R Markdown will be able to execute the R code you include in code chunks, and render that output in your Markdown. More on this below.

Important This file should be saved with the extension .Rmd (for “R Markdown”), which tells the computer and RStudio that the document contains Markdown content with embedded R code.

12.1.3 Knitting Documents

RStudio provides an easy interface to compile your .Rmd source code into an actual document (a process called “knitting”). Simply click the Knit button at the top of the script panel:

This will generate the document (in the same directory as your .Rmd file), as well as open up a preview window in RStudio.

While it is easy to generate such documents, the knitting process can make it hard to debug errors in your R code (whether syntax or logical), in part because the output may or may not show up in the document! We suggest that you write complex R code in another script and then source() that script into your .Rmd file for use the the output. This makes it possible to test your data processing work outside of the knit application, as well as separates the concerns of the data and its representation—which is good programming practice.

Nevertheless, you should still be sure and knit your document frequently, paying close attention to any errors that appear in the console.

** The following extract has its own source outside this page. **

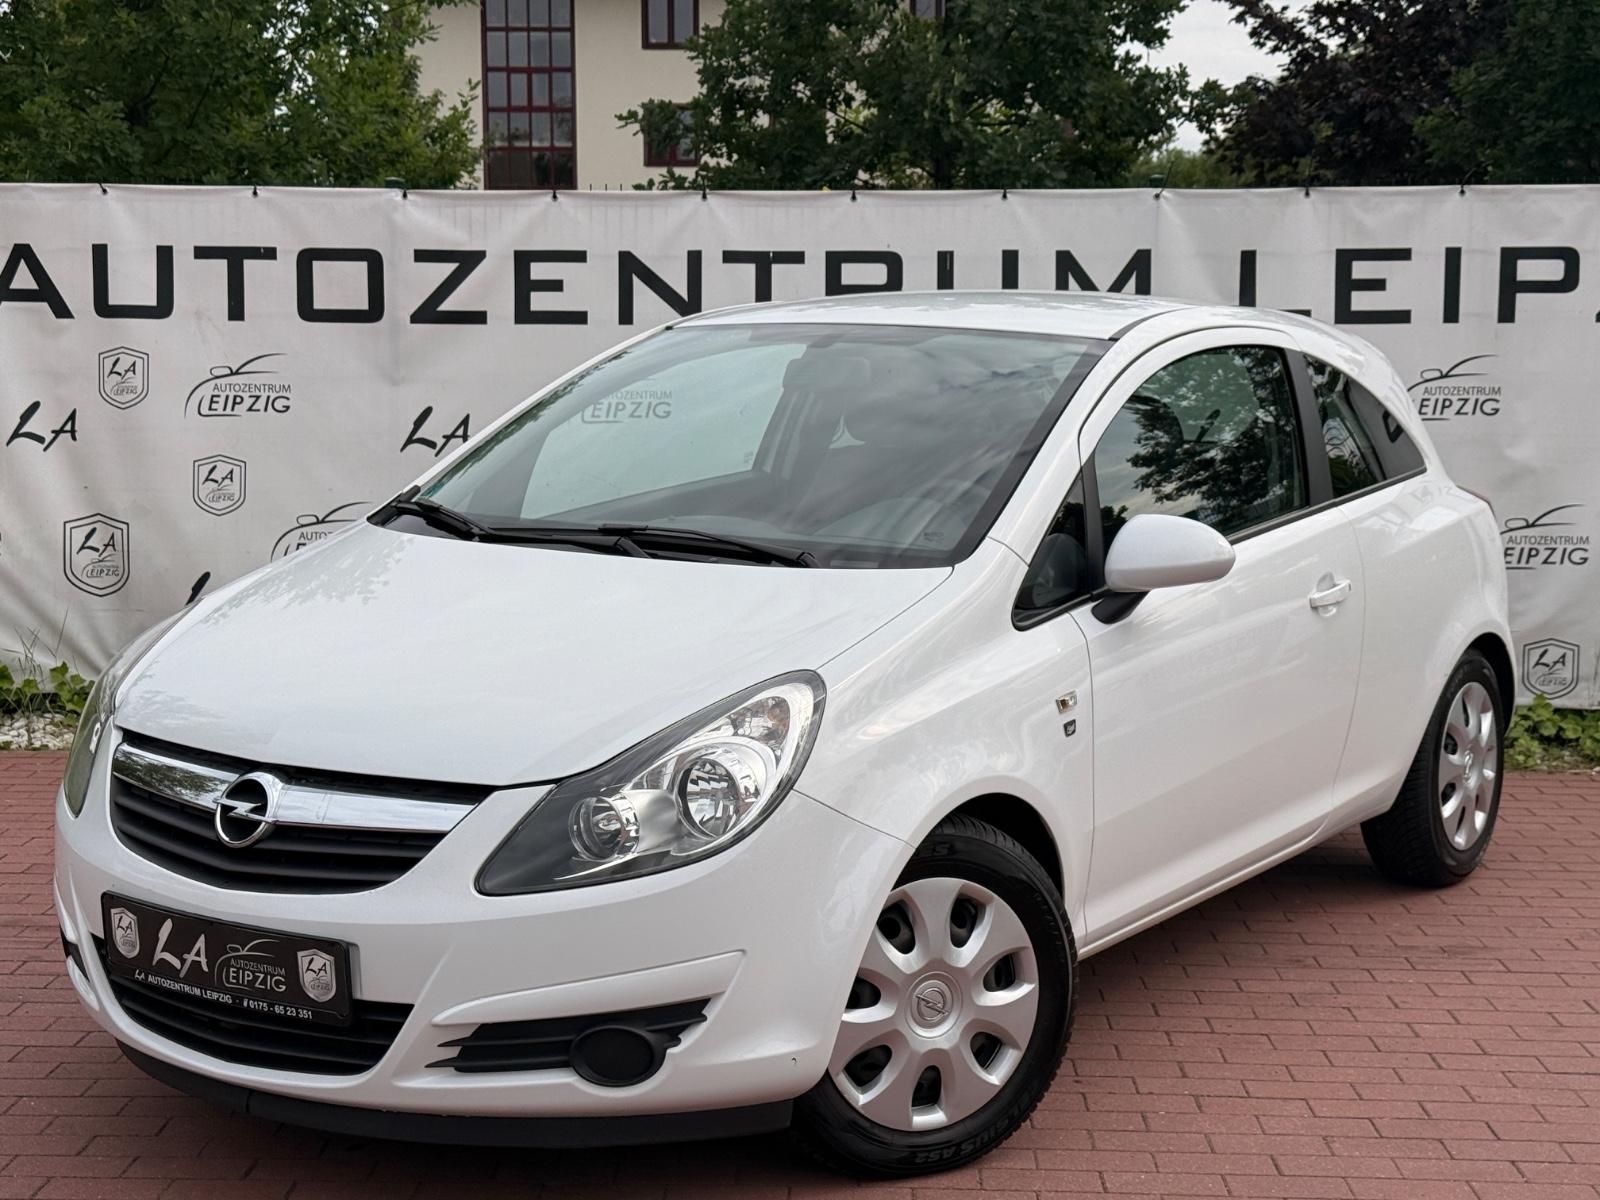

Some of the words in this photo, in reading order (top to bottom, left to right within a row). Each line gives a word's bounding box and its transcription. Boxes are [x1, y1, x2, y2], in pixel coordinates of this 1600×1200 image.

Pro-tip: If you’re having trouble finding your error, a good strategy is to systematically remove segments of your code and attempt to re-knit the document. This will help you identify the problematic syntax.

12.1.4 HTML

R markdown list of figures

Assuming that you’ve chosen HTML as your desired output type, RStudio will knit your .Rmd into a .html file. HTML stands for HyperText Markup Language and, like Markdown, is a syntax for describing the structure and formatting of content (though HTML is far more extensive and detailed). In particular, HTML is a markup language that can be automatically rendered by web browsers, and thus is the language used to create web pages. As such, the .html files you create can be put online as web pages for others to view—you will learn how to do this in a future chapter. For now, you can open a .html file in any browser (such as by double-clicking on the file) to see the content outside of RStudio!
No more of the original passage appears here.